> TASK ITEM
Retype the data below in full, keeping every character as it is.

> DATASET CONTENT
------------------------------------------------------------

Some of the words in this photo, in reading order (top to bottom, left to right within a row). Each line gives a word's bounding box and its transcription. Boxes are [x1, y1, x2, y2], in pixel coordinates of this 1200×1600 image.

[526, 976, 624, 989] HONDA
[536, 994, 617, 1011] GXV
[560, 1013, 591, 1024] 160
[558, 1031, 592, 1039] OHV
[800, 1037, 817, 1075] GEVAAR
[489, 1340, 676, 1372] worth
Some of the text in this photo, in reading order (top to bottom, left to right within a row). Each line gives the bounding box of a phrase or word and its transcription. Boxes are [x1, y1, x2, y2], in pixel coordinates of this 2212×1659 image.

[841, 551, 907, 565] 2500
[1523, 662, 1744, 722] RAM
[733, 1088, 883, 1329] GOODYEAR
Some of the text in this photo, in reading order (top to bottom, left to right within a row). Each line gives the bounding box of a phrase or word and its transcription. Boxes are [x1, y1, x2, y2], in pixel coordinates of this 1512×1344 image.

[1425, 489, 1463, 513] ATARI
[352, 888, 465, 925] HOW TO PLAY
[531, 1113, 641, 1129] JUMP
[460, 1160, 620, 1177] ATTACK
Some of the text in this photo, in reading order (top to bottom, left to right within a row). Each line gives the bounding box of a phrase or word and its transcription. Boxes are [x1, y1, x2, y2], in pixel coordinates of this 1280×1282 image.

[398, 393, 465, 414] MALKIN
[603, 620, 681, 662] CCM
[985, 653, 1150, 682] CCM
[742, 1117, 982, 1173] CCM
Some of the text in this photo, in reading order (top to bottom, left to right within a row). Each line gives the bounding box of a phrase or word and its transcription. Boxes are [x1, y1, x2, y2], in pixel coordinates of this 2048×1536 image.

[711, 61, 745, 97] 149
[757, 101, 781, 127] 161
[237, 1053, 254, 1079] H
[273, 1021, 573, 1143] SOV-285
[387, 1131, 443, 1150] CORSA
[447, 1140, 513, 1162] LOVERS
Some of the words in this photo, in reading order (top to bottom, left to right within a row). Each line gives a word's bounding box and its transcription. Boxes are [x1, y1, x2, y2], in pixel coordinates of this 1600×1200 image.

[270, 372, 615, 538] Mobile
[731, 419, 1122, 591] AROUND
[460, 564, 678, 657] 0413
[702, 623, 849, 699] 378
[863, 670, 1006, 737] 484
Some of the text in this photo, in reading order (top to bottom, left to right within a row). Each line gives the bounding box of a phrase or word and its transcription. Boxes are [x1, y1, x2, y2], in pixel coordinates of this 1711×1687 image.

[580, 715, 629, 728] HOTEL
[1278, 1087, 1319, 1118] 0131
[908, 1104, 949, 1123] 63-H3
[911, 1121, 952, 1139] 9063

------------------------------------------------------------

> EXERCISE OUTPUT
Some of the words in this photo, in reading order (top to bottom, left to right within a row). Each line gives a word's bounding box and its transcription. Boxes are [x1, y1, x2, y2], in pixel coordinates of this 1200×1600 image.

[526, 976, 624, 989] HONDA
[536, 994, 617, 1011] GXV
[560, 1013, 591, 1024] 160
[558, 1031, 592, 1039] OHV
[800, 1037, 817, 1075] GEVAAR
[489, 1340, 676, 1372] worth
Some of the text in this photo, in reading order (top to bottom, left to right within a row). Each line gives the bounding box of a phrase or word and its transcription. Boxes are [x1, y1, x2, y2], in pixel coordinates of this 2212×1659 image.

[841, 551, 907, 565] 2500
[1523, 662, 1744, 722] RAM
[733, 1088, 883, 1329] GOODYEAR
Some of the text in this photo, in reading order (top to bottom, left to right within a row). Each line gives the bounding box of a phrase or word and its transcription. Boxes are [x1, y1, x2, y2], in pixel coordinates of this 1512×1344 image.

[1425, 489, 1463, 513] ATARI
[352, 888, 465, 925] HOW TO PLAY
[531, 1113, 641, 1129] JUMP
[460, 1160, 620, 1177] ATTACK
Some of the text in this photo, in reading order (top to bottom, left to right within a row). Each line gives the bounding box of a phrase or word and its transcription. Boxes are [x1, y1, x2, y2], in pixel coordinates of this 1280×1282 image.

[398, 393, 465, 414] MALKIN
[603, 620, 681, 662] CCM
[985, 653, 1150, 682] CCM
[742, 1117, 982, 1173] CCM
Some of the text in this photo, in reading order (top to bottom, left to right within a row). Each line gives the bounding box of a phrase or word and its transcription. Boxes are [x1, y1, x2, y2], in pixel coordinates of this 2048×1536 image.

[711, 61, 745, 97] 149
[757, 101, 781, 127] 161
[237, 1053, 254, 1079] H
[273, 1021, 573, 1143] SOV-285
[387, 1131, 443, 1150] CORSA
[447, 1140, 513, 1162] LOVERS
Some of the words in this photo, in reading order (top to bottom, left to right within a row). Each line gives a word's bounding box and its transcription. Boxes are [x1, y1, x2, y2], in pixel coordinates of this 1600×1200 image.

[270, 372, 615, 538] Mobile
[731, 419, 1122, 591] AROUND
[460, 564, 678, 657] 0413
[702, 623, 849, 699] 378
[863, 670, 1006, 737] 484
Some of the text in this photo, in reading order (top to bottom, left to right within a row). Each line gives the bounding box of a phrase or word and its transcription. Boxes are [x1, y1, x2, y2], in pixel coordinates of this 1711×1687 image.

[580, 715, 629, 728] HOTEL
[1278, 1087, 1319, 1118] 0131
[908, 1104, 949, 1123] 63-H3
[911, 1121, 952, 1139] 9063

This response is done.